The term SPEEDE/ExPRESS refers both to their joint committee and to the various electronic standards being developed for educational use. A standard can be thought of as a common way of arranging educational data on electronic forms so that they can be exchanged by computers that may be using different brands of administrative software.
To date, the national body that oversees electronic data- interchange standards has approved SPEEDE/ExPRESS formats for requesting a transcript and acknowledging its receipt, and for the transcripts themselves. The committee expects approval for standards for college-admissions applications in June, and is developing standards for financial-aid applications.
On campuses where SPEEDE/ExPRESS is already being used, officials say they are pleased.
“It’s been wonderful,” says Gloria G. Andrus, the registrar at Ricks College, a two-year institution that sends many of its graduates on to Brigham Young University. The college typically dispatches about 3,000 transcripts a year to Brigham Young, and with SPEEDE/ExPRESS, she says, “transcripts never get lost or misplaced.”
Ms. Andrus says the system has also allowed her to operate without adding staff members, despite a growth in enrollment. For transcripts that the college sends electronically, it waives the $2 fee.
The Law School Admissions Council, which processes about 180,000 transcripts a year from colleges across the country, also expects SPEEDE/ExPRESS to save it some money, though it is not sure how much. The council hires about 25 temporary workers from September through March, at a cost of $158,000, to process transcripts by hand.
The Association of American Medical Colleges, which is testing SPEEDE/ExPRESS with four institutions, says it expects about half of the 110,000 transcripts it processes to be sent electronically within three years.
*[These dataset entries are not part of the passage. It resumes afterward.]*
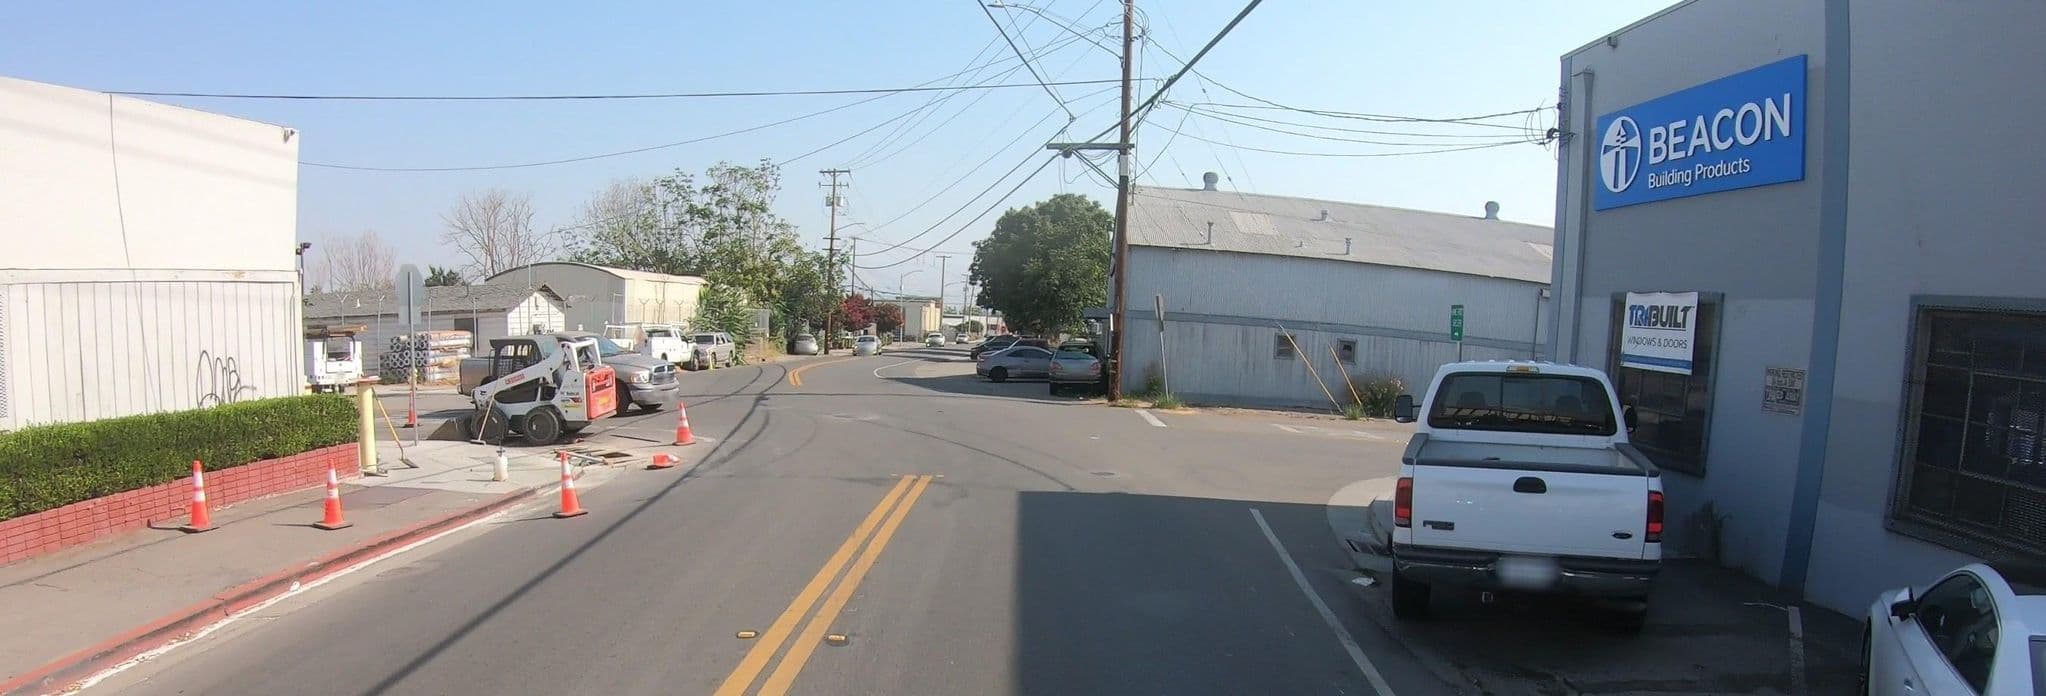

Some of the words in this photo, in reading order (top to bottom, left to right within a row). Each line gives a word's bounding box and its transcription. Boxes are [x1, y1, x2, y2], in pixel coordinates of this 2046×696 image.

[1649, 93, 1792, 165] BEACON
[1648, 168, 1692, 189] Building
[1695, 158, 1751, 182] Products
[1627, 335, 1656, 347] WINDOWS
[1663, 338, 1688, 349] DOORS
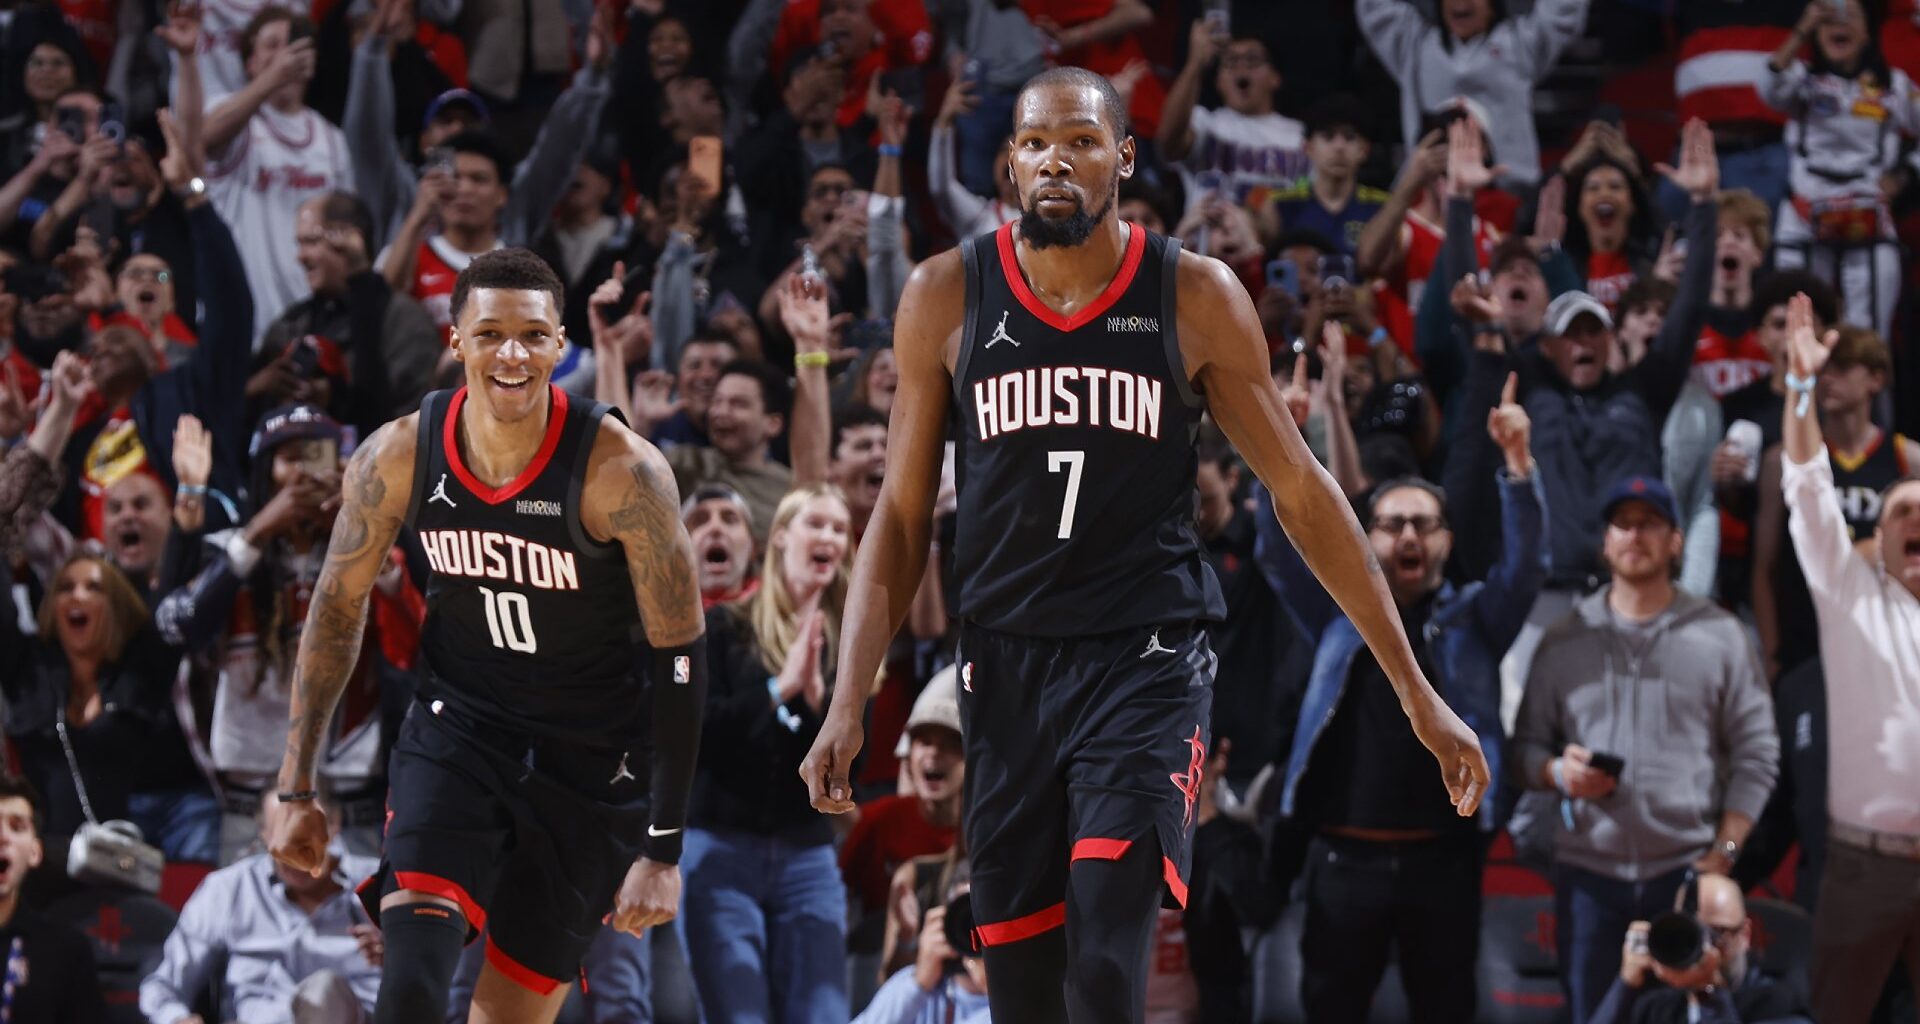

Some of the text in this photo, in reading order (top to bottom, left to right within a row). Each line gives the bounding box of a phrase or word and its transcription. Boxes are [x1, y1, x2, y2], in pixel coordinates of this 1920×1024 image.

[1107, 316, 1159, 326] MEMORIAL
[1107, 324, 1159, 334] HERMANN
[974, 366, 1162, 441] HOUSTON
[1047, 450, 1085, 539] 7
[418, 529, 579, 590] HOUSTON
[478, 585, 537, 654] 10
While the new users are likely to give the standard format a boost, even supporters of electronic-exchange methods note that it could be years before such practices become commonplace.
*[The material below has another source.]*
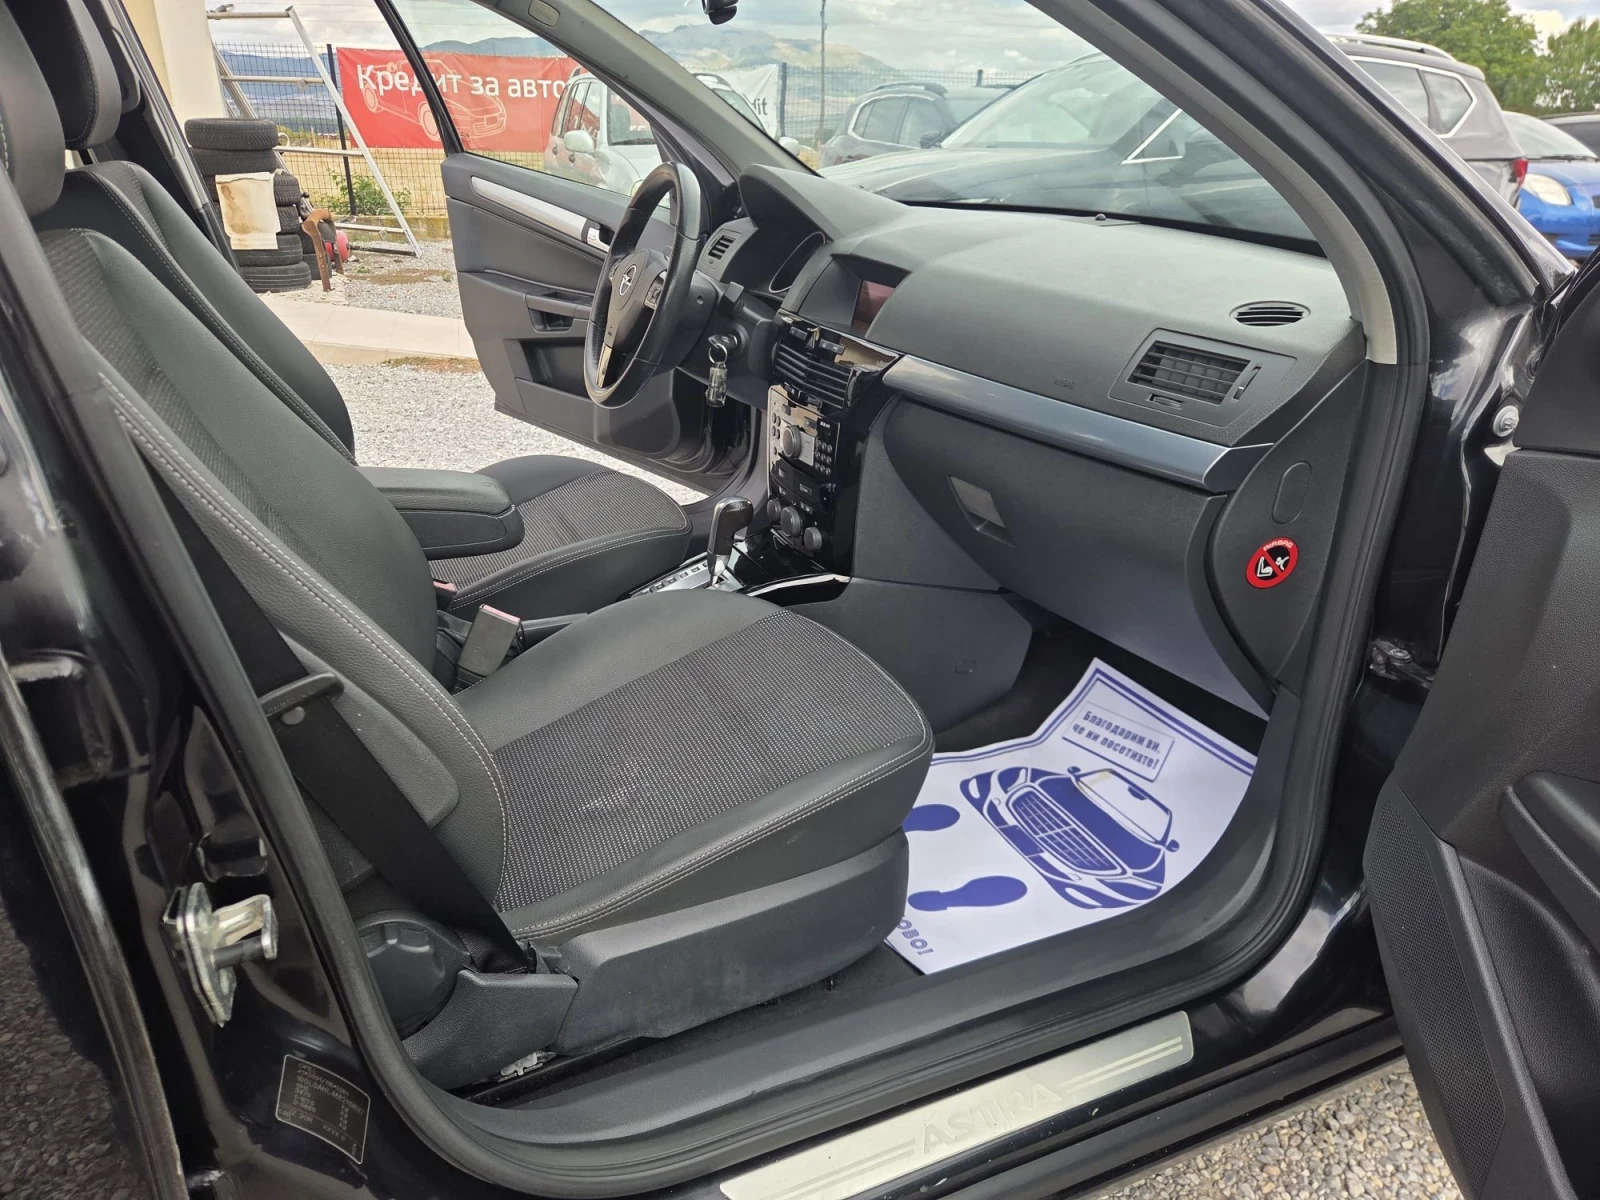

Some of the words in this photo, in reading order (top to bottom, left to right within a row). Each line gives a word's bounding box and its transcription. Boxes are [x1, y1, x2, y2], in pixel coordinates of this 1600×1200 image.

“It’s like a telephone: It’s only useful once others have one, too,” says Dennis Carey, director of information-resource management for the Oregon State System of Higher Education.
In Oregon, five four-year colleges, four community colleges, and three school districts are using SPEEDE/ExPRESS. That’s not enough to make the system cost-effective. But most of the other school districts cannot afford to buy the software, even at the group rate of about $2,000.
Barbara Clements, who directs data and information-systems projects at the school officers’ council, acknowledges that schools have not moved quickly to exchange data electronically. She expects that they will eventually rely heavily on the SPEEDE/ExPRESS format, because they exchange so many transcripts. Usage will increase, she predicts, once more software companies include the standard in their packages for managing student records.
Companies that already include SPEEDE/ExPRESS in their products say they aren’t discouraged about its slow growth. The technology for electronic-funds transfer, for example, was around for five or six years before it caught on, says Bill Mahoney, vice-president for client services at SCT Corporation, which has sold software to more than 960 schools and colleges.
The sheer volume of transcripts makes electronic transfer inevitable, he says. Sixty per cent of the nation’s 14 million college students request that at least one copy of their transcript be sent to another college, a graduate school, or a scholarship fund each year, he says. “That’s a lot of pieces of paper.”
Since 1991, SCT has donated a portion of its customers’ software-maintenance fees to the registrars’ association to help it promote SPEEDE/ExPRESS. Several of the association’s 23 corporate members also are software companies that benefit from promoting the standard format.
Ms. Neary, who chairs the SPEEDE committee this year, says she sees nothing wrong with companies’ helping to promote SPEEDE/ExPRESS, if this helps to make the technology more widely available. It’s a proven business technique, she says. “Why shouldn’t education take advantage of the same thing?”